### Problem statement
An exact transcription of the entries is required, with none of the pictures carried over.

### Excerpted records
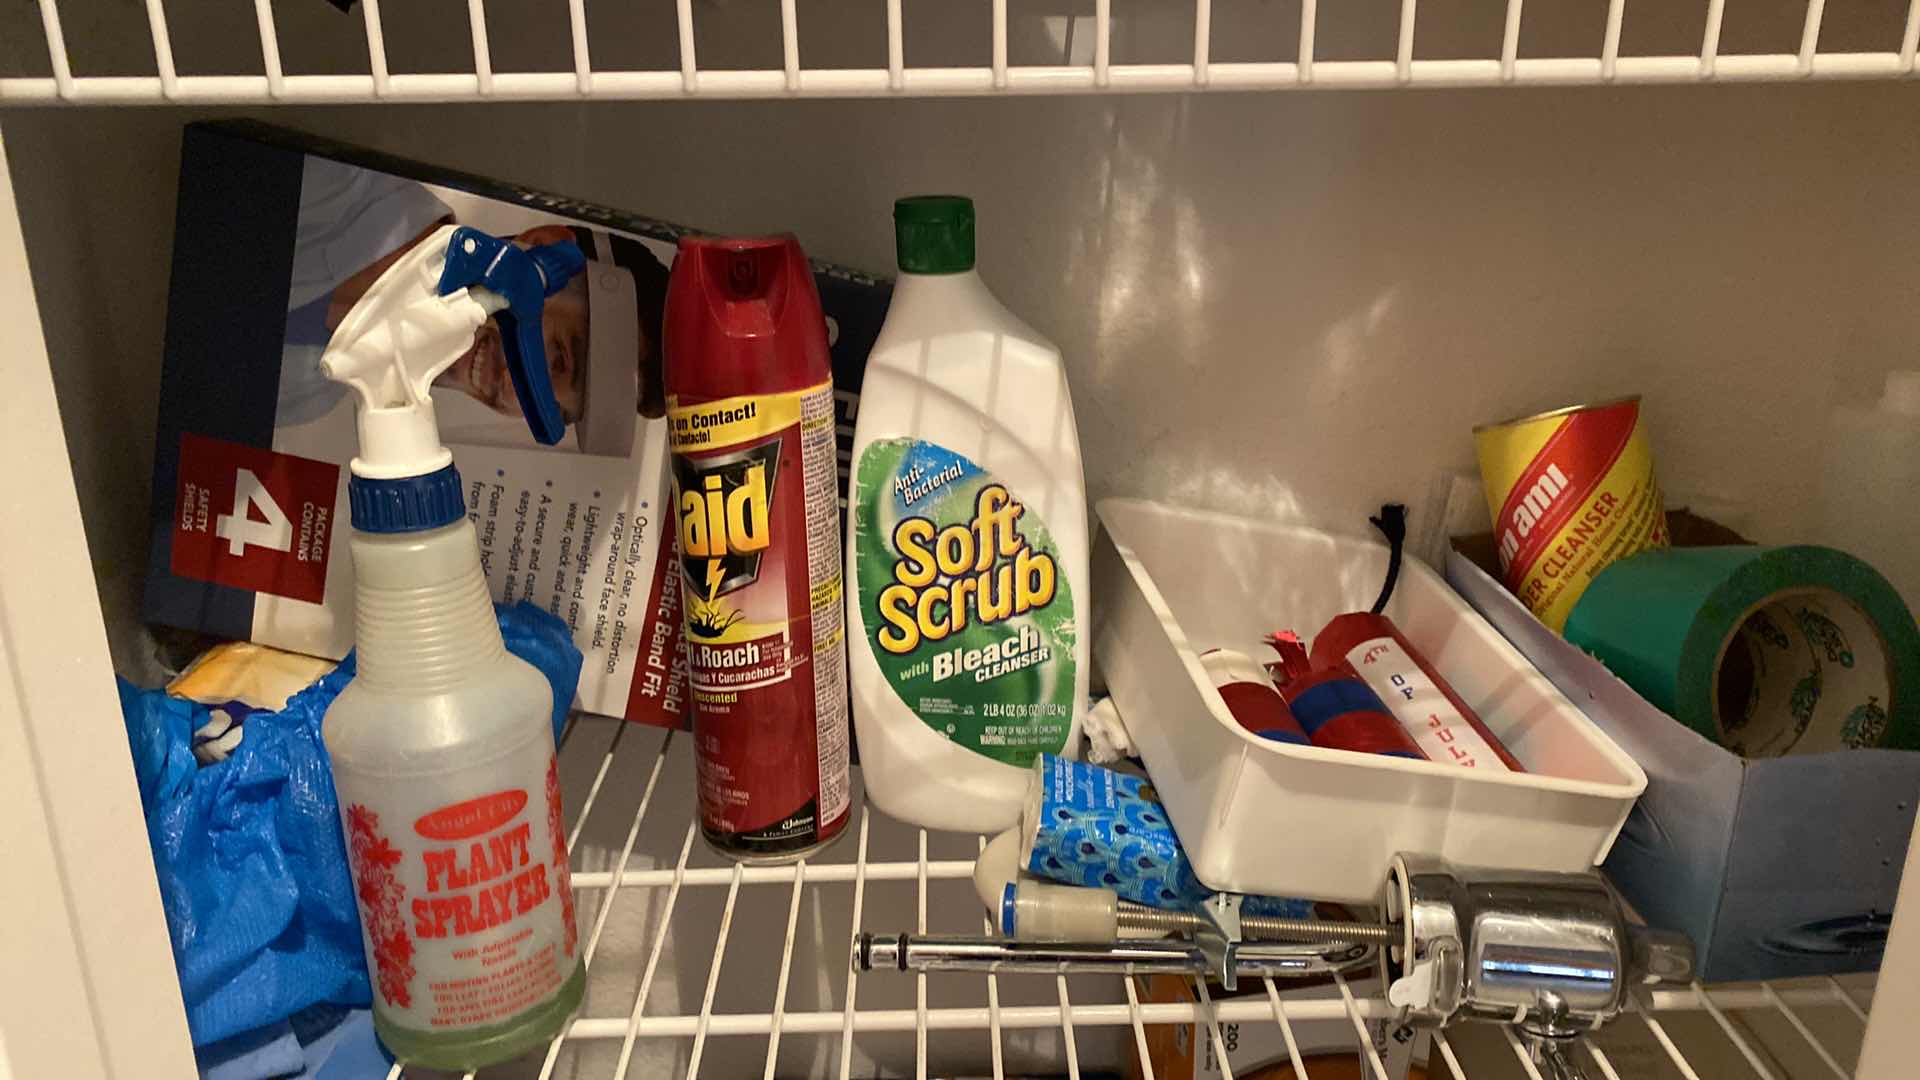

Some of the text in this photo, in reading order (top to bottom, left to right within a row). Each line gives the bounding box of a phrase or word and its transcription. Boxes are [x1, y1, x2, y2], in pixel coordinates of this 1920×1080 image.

[691, 401, 756, 430] Contact!
[467, 481, 486, 523] from fr
[487, 484, 505, 517] Foam
[540, 494, 553, 504] A
[894, 464, 925, 496] Anti-
[903, 460, 964, 506] Bacterial
[1512, 463, 1569, 539] ami
[182, 482, 197, 532] SHIELDS
[196, 487, 210, 533] SAFETY
[215, 467, 294, 557] 4
[533, 507, 548, 544] secure
[674, 458, 770, 558] aid
[297, 502, 314, 562] CONTAINS
[311, 506, 328, 562] PACKAGE
[480, 520, 497, 548] strip
[560, 537, 572, 567] quick
[576, 505, 601, 575] Lightweight
[625, 516, 648, 569] Optically
[893, 484, 1025, 588] Soft
[1524, 576, 1548, 611] DER
[1541, 490, 1619, 579] CLEANSER
[528, 548, 541, 571] and
[554, 570, 566, 593] and
[592, 512, 625, 650] wrap-around face shield.
[503, 574, 519, 603] elast
[550, 594, 561, 617] eas
[572, 576, 584, 600] and
[616, 602, 628, 618] no
[658, 557, 681, 618] Elastic
[879, 546, 1056, 655] Scrub
[607, 618, 626, 675] distortion
[648, 620, 673, 670] Band
[701, 642, 760, 669] Roach
[899, 624, 1040, 683] with Bleach
[975, 648, 1050, 683] CLEANSER
[641, 670, 663, 699] Fit
[663, 655, 690, 714] Shield
[718, 665, 775, 685] Cucarachas
[1390, 673, 1414, 700] OF
[983, 704, 989, 716] 2
[989, 704, 999, 717] LB
[1000, 704, 1005, 716] 4
[1006, 704, 1015, 717] OZ
[1428, 713, 1476, 768] JULY
[422, 822, 530, 892] PLANT
[411, 863, 550, 939] SPRAYER
[1226, 1023, 1238, 1051] 200

### Answer to the problem
Some of the text in this photo, in reading order (top to bottom, left to right within a row). Each line gives the bounding box of a phrase or word and its transcription. Boxes are [x1, y1, x2, y2], in pixel coordinates of this 1920×1080 image.

[691, 401, 756, 430] Contact!
[467, 481, 486, 523] from fr
[487, 484, 505, 517] Foam
[540, 494, 553, 504] A
[894, 464, 925, 496] Anti-
[903, 460, 964, 506] Bacterial
[1512, 463, 1569, 539] ami
[182, 482, 197, 532] SHIELDS
[196, 487, 210, 533] SAFETY
[215, 467, 294, 557] 4
[533, 507, 548, 544] secure
[674, 458, 770, 558] aid
[297, 502, 314, 562] CONTAINS
[311, 506, 328, 562] PACKAGE
[480, 520, 497, 548] strip
[560, 537, 572, 567] quick
[576, 505, 601, 575] Lightweight
[625, 516, 648, 569] Optically
[893, 484, 1025, 588] Soft
[1524, 576, 1548, 611] DER
[1541, 490, 1619, 579] CLEANSER
[528, 548, 541, 571] and
[554, 570, 566, 593] and
[592, 512, 625, 650] wrap-around face shield.
[503, 574, 519, 603] elast
[550, 594, 561, 617] eas
[572, 576, 584, 600] and
[616, 602, 628, 618] no
[658, 557, 681, 618] Elastic
[879, 546, 1056, 655] Scrub
[607, 618, 626, 675] distortion
[648, 620, 673, 670] Band
[701, 642, 760, 669] Roach
[899, 624, 1040, 683] with Bleach
[975, 648, 1050, 683] CLEANSER
[641, 670, 663, 699] Fit
[663, 655, 690, 714] Shield
[718, 665, 775, 685] Cucarachas
[1390, 673, 1414, 700] OF
[983, 704, 989, 716] 2
[989, 704, 999, 717] LB
[1000, 704, 1005, 716] 4
[1006, 704, 1015, 717] OZ
[1428, 713, 1476, 768] JULY
[422, 822, 530, 892] PLANT
[411, 863, 550, 939] SPRAYER
[1226, 1023, 1238, 1051] 200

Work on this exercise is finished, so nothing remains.